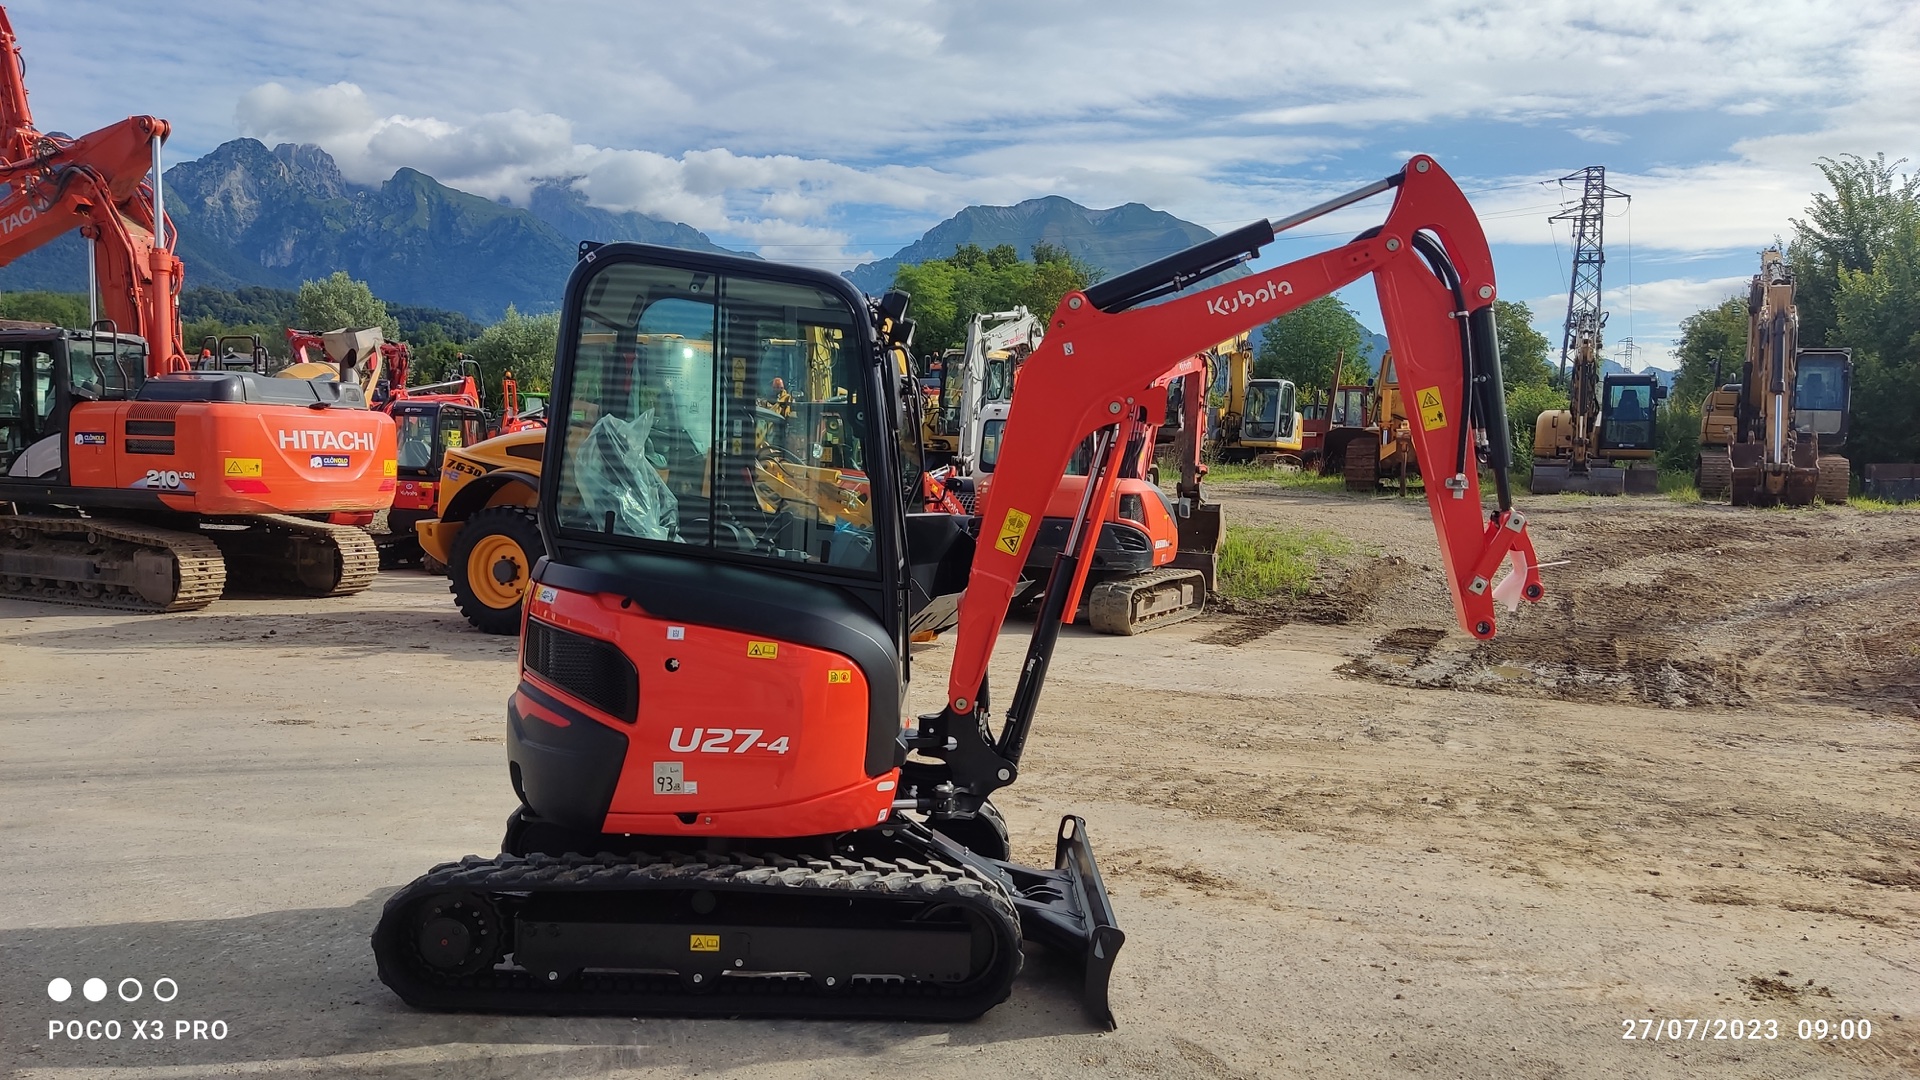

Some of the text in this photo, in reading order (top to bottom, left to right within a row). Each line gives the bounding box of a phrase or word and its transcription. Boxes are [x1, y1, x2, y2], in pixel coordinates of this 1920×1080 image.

[1206, 280, 1293, 316] Kubota
[278, 430, 374, 451] HITACHI
[146, 469, 195, 489] 210 LCN
[668, 727, 790, 755] U27-4
[657, 776, 673, 792] 93
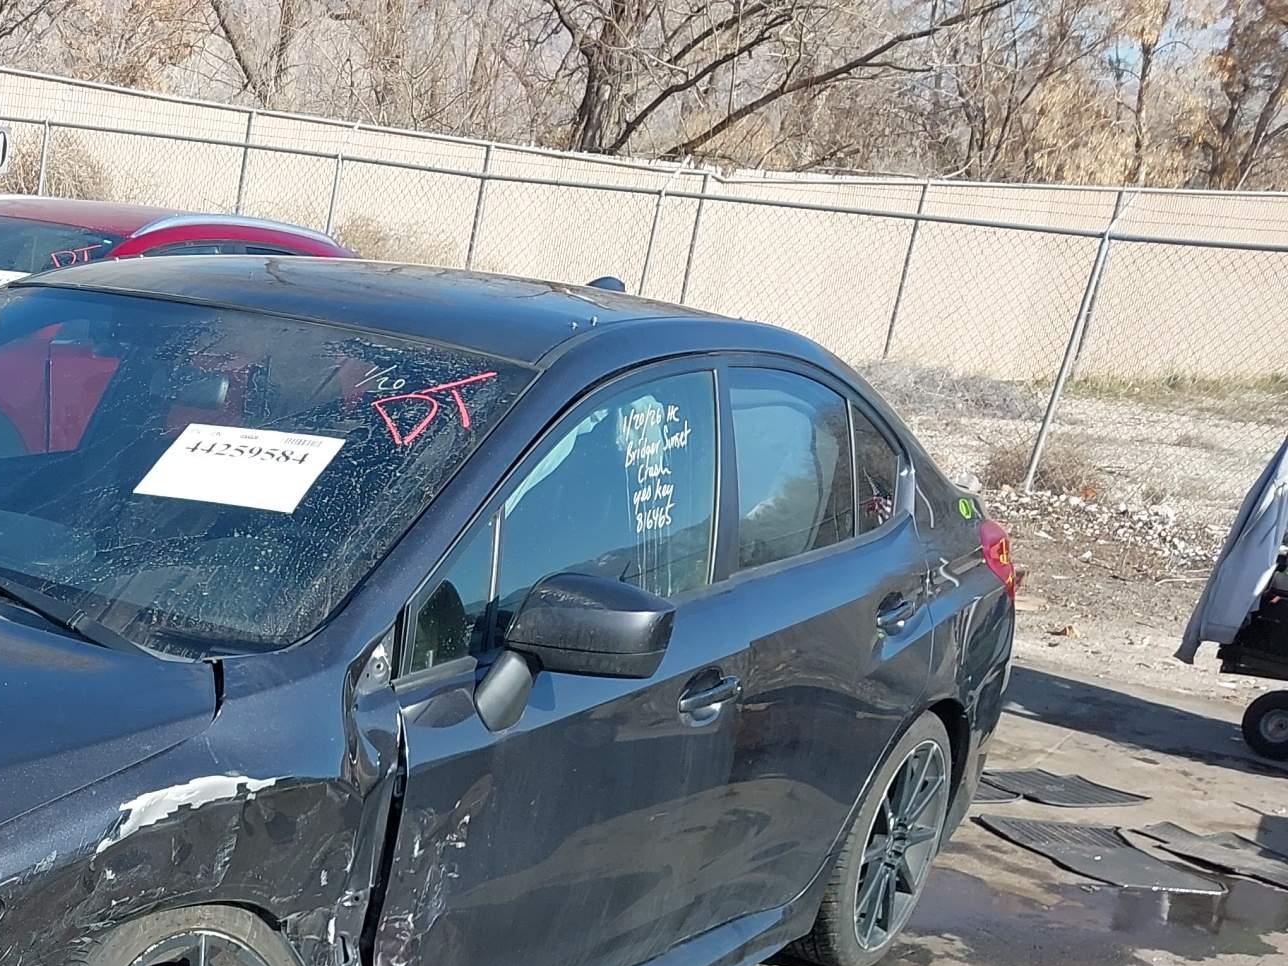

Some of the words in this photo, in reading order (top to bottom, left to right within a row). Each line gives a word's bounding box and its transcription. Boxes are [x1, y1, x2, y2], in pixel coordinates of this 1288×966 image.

[51, 244, 103, 268] DT
[370, 371, 498, 446] DT
[186, 440, 310, 465] 44259584
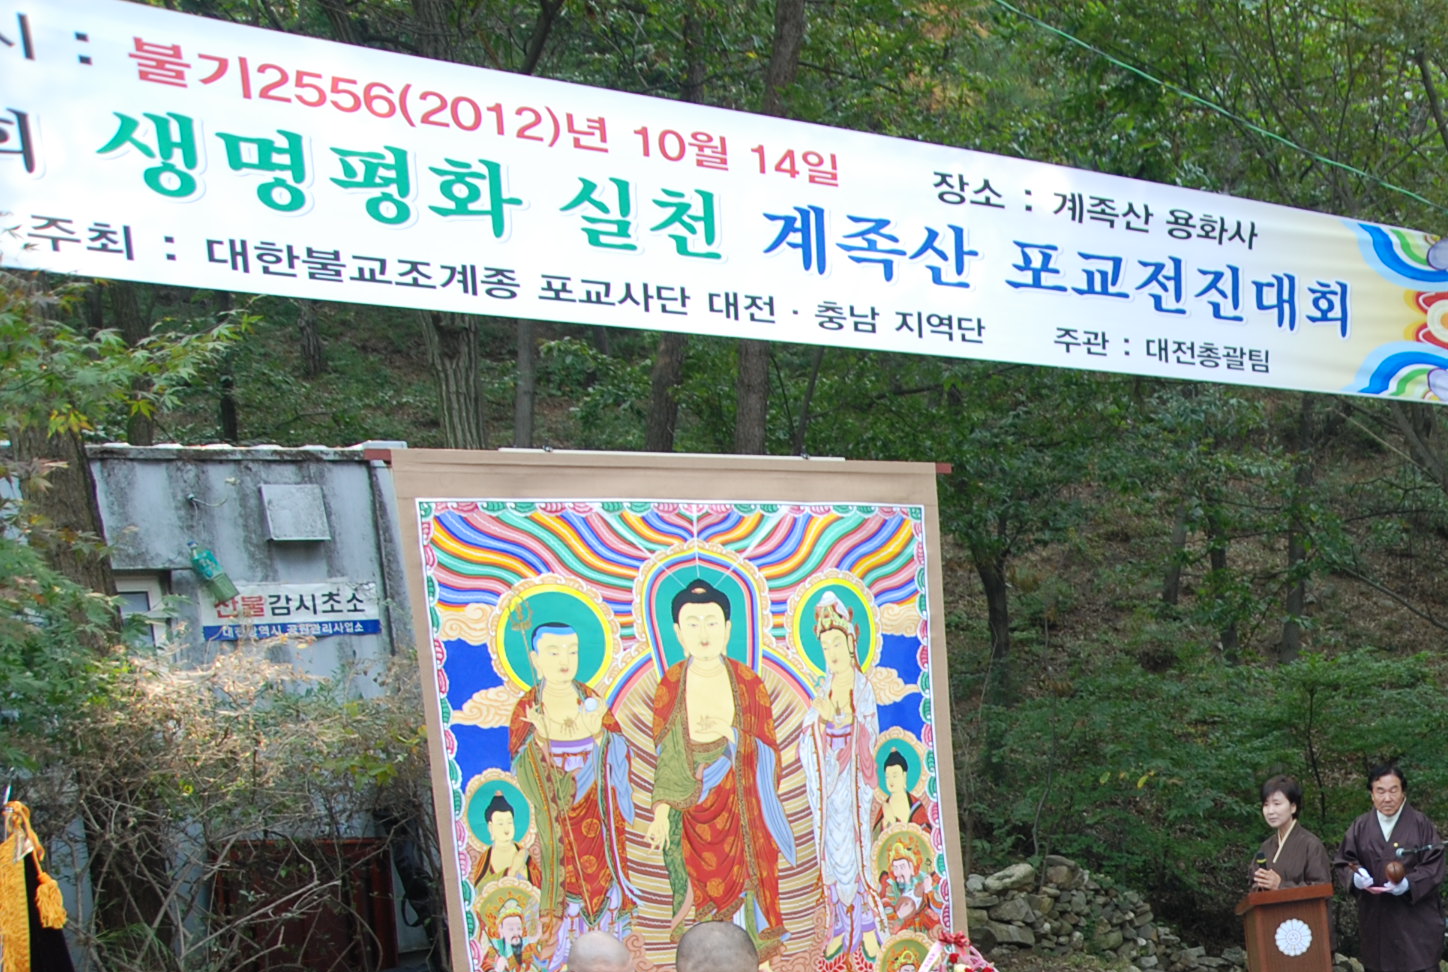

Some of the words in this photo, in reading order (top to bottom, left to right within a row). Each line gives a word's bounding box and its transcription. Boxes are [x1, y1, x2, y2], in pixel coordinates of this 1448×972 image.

************

■ WORK ORDER
Please set down each entry word for word, without its images.

■ RESULT BELOW
Some of the text in this photo, in reading order (top to bottom, left to right within a row). Each line gives the bounding box of a phrase or word and its transcription. Boxes are [x1, y1, x2, y2], in pixel coordinates of this 1920×1080 image.

[1206, 280, 1293, 316] Kubota
[278, 430, 374, 451] HITACHI
[146, 469, 195, 489] 210 LCN
[668, 727, 790, 755] U27-4
[657, 776, 673, 792] 93

Some of the words in this photo, in reading order (top to bottom, left to right within a row). Each line gives a word's bounding box and its transcription. Boxes are [x1, y1, x2, y2], in pixel coordinates of this 1288×966 image.

[51, 244, 103, 268] DT
[370, 371, 498, 446] DT
[186, 440, 310, 465] 44259584

Some of the words in this photo, in reading order (top to bottom, left to right within a row). Each line gives a word's bounding box and its transcription. Boxes are [x1, y1, x2, y2], in pixel coordinates of this 1448×972 image.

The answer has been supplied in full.